日台関係強化への道(2) [台湾元行政院院長 謝 長廷]

強者・中国の妥協こそ平和の鍵

 謝長廷氏は今回の来日で日本人に何を最も訴えたかったのか──。それをよく現して
いたのは、講演草稿を準備して日本語で行った初日の京大講演だろう。それを、前号か
らご紹介している。

 因みに、この京大講演は台湾留日京都大学校友会の主催により、本会理事でもある大
田一博氏が推進役となって、12月16日、京都大学医学部創立百周年記念施設の「芝蘭会
館」で行われた。                         (編集部)


日台関係強化への道(2)─強者・中国の妥協こそ平和の鍵

                          台湾元行政院院長 謝 長廷

■強者・中国の妥協こそ平和の鍵

 ところで、台湾の現在のあり方が日中や米中関係を阻害する要因になっているという
意見がありますが、それは正しい見方とはいえません。もし台湾問題がなくても、中国
が現在行っている軍拡、資源収奪、悪質な経済競争などに中国そのものの問題を見るこ
とができるでしょう。つまり、問題は台湾という民主主義国家にあるのではなく、中国
にこそ問題の根源があるということなのです。

 中国は大国で、台湾は小国です。大国と小国が付き合っていく場合には、強者である
大国の側が妥協することが必要だと思います。台湾と中国の関係において、今の中国に
は強者が持つべき妥協と寛容の精神に欠けているように思えます。しかしながら、強者
が隆盛にある時こそ、緊張と脅威と同時に、チャンスと利益も生まれるわけですから、
真の強者ならば妥協する術を知ることが必要です。それによってこそ、脅威を互恵関係
に、緊張を平和に転化させることができるのです。

 私はつねづね「平和共存」ということを申し上げてまいりました。しかし、その場合
の平和共存とは何も台湾に対して主張しているだけではなくて、中国に対しても求めて
いることなのです。もし羊が虎に出会ったときに、羊の側が先に寛容や共存を持ち出し
ても意味がないのですから。

 また、ある人はこういう批判をします。

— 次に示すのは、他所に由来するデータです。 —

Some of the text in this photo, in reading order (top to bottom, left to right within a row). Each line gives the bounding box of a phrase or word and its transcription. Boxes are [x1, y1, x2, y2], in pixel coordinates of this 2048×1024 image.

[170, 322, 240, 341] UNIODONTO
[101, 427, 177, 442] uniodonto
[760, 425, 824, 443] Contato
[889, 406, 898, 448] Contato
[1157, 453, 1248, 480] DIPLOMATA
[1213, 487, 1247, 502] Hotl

1990年代に台湾が国民党政権だったころは、
中国と対話することができたのに、民進党政権になってからはまったく対話が進まな
い、と。

 しかし、時代環境がまったく違います。1990年代の中国はまだまだ国力が弱く、中国
というのは国力が弱い時期には妥協しやすいのですが、強くなると妥協しようとしない
からです。だからこそ私は中国に対して求めたいことは、孔子がかつて指摘したように
「小をもって大に事(つか)うるには智をもってし、大をもって小に事うるには仁をも
ってす」、つまり小国は大国に対しては知恵をもって対応するかわりに、大国は仁、寛
容の心をもって小国に対応しなければならない、ということです。